A Talk with Don Jay Hong Kongs First Filipino owned Tattoo Parlor Header

Don Jay is a businessman and an artist with a colonial ancestry in Hong Kong, but with Filipino roots. He is a second-generation Hong Kong-born Filipino, with his family landing in the city when a British flag was flown in the 1940s.

His parents, former bartender and clerk, sought a lucrative career in marketing for him; his grandfather, a former musician who came to Hong Kong in the colonial 1960s, attempted to introduce “Jay” to the guitar, but to no avail.

After bartending work in Hong Kong post-high school and studying a college degree in business marketing management in the Philippines, Jay’s passion for needle work and tattooing sprouted.

Today, Jay runs a successful tattoo studio, Hong Kong’s only Filipino-owned tattoo parlor.

Jay’s journey as the city’s sole owner of a Filipino tattoo studio stretches deep into his ancestry and his mania about skin art.






Jay first discovered his natural skill and penchant for needling artistry in college at San Beda College in Alabang, Metro Manila. He ventured to his local tattoo mall store where he presented a drawing of a small tattoo he wanted on his chest, his first tattoo.

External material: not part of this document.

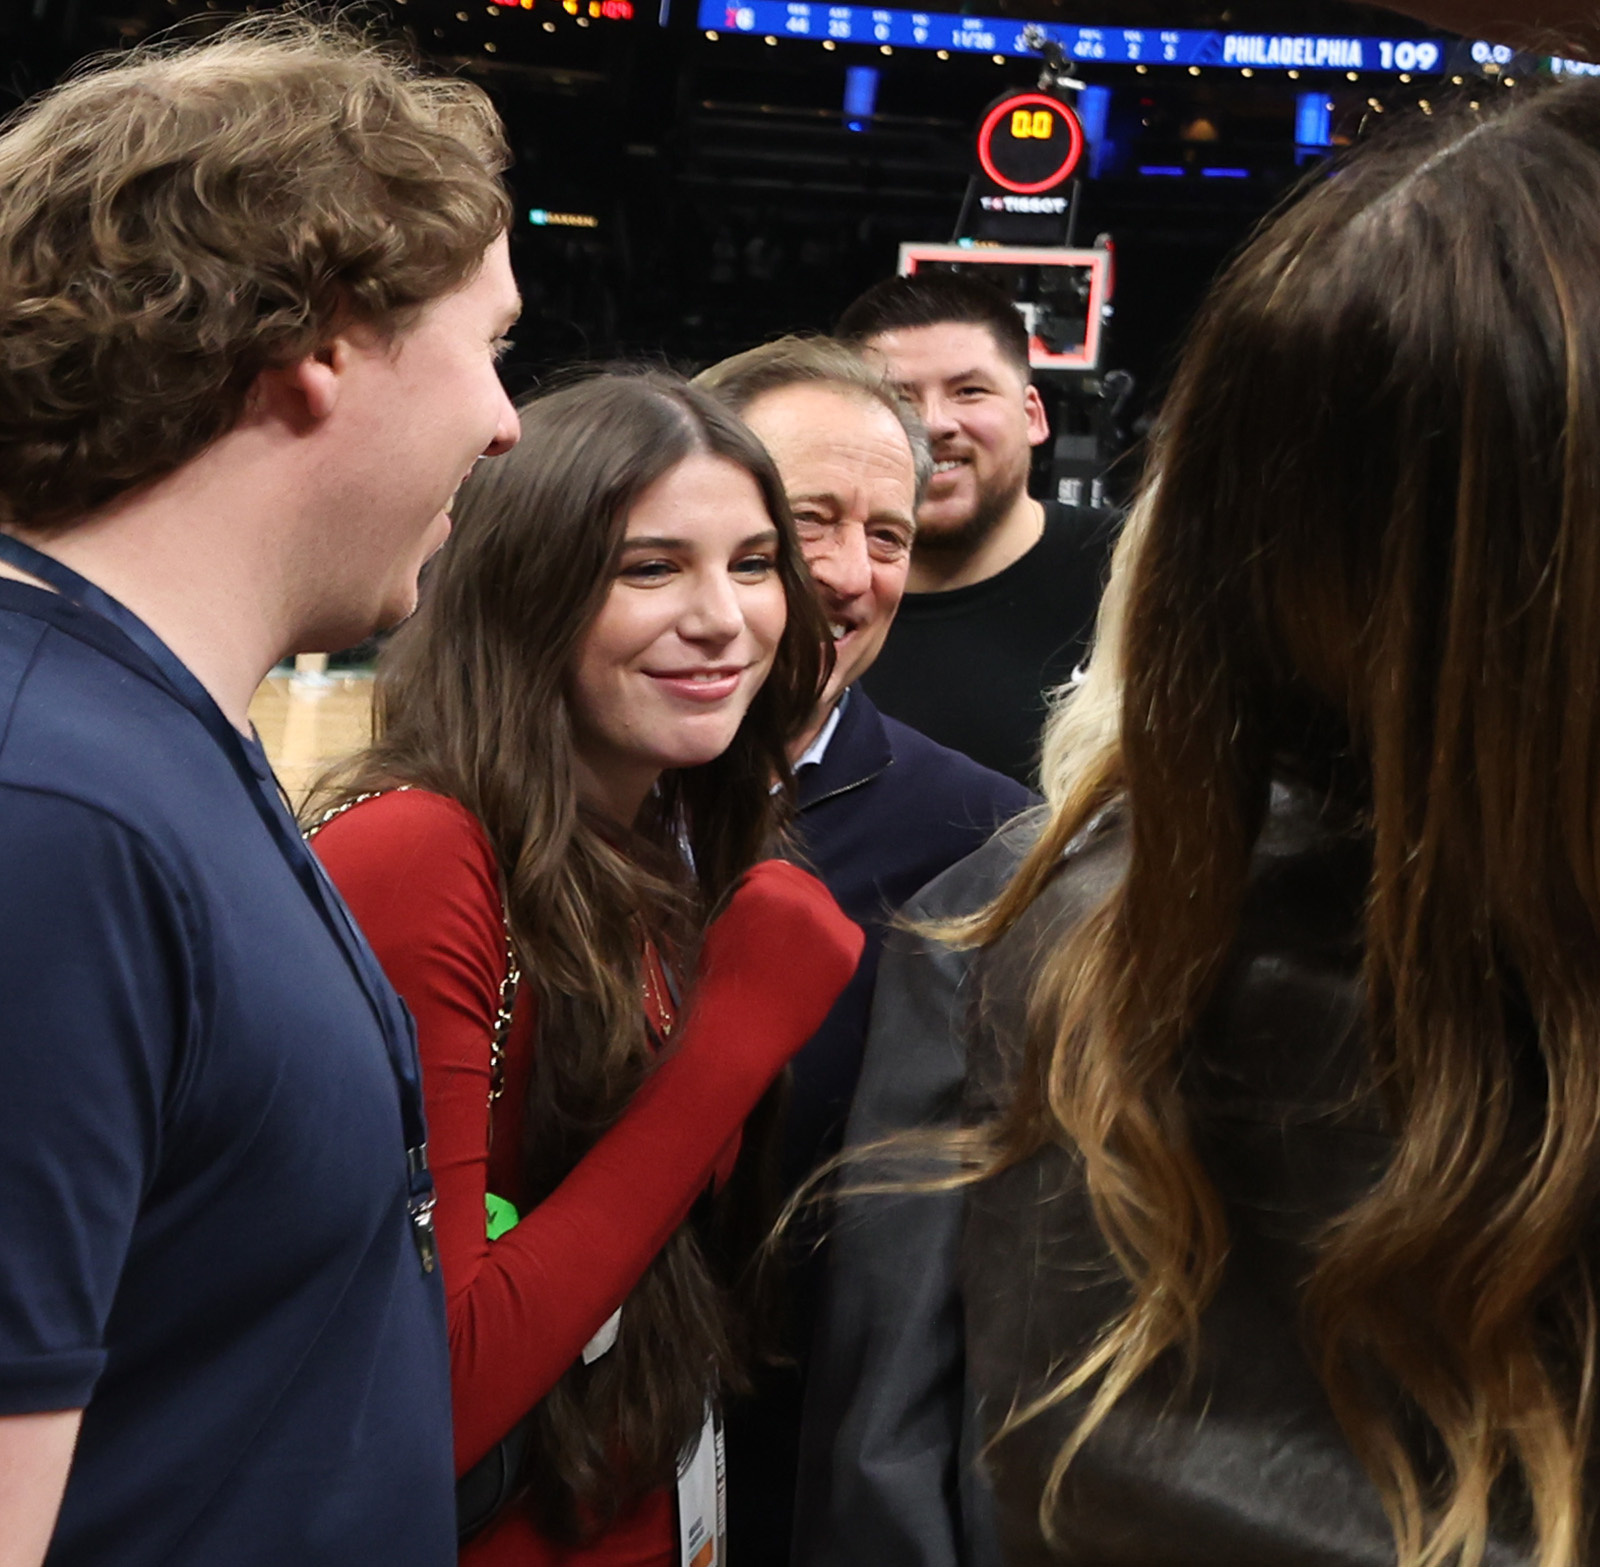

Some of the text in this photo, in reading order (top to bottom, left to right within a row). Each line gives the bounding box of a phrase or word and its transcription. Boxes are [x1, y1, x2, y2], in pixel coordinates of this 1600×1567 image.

At first, the tattoo artist was at a disbelief that Jay was able to draw so delicately and detailed. They presumed he ripped off someone else's design, redrew it, and found a cheaper place to go. After being instructed to redraw the design, Jay dazzled the artists with his artistic skill.

Impressing his local tattoo artists, Jay instantly realized his ability to produce detailed and artistic free-hand designs. A love for body art and a skill in drawing, tattooing “was a no-brainer.”

During the second year of college, Jay enlisted the help of Alex Cuyugan, a veteran tattooist who is operating his chain Borados Tattoo in Laguna Province, Philippines, in a mentorship scheme covering the basics of staffing a tattoo parlor - hygiene, sanitation, marketing - all the way to the tattoo artistry - designing, sketching, and shading.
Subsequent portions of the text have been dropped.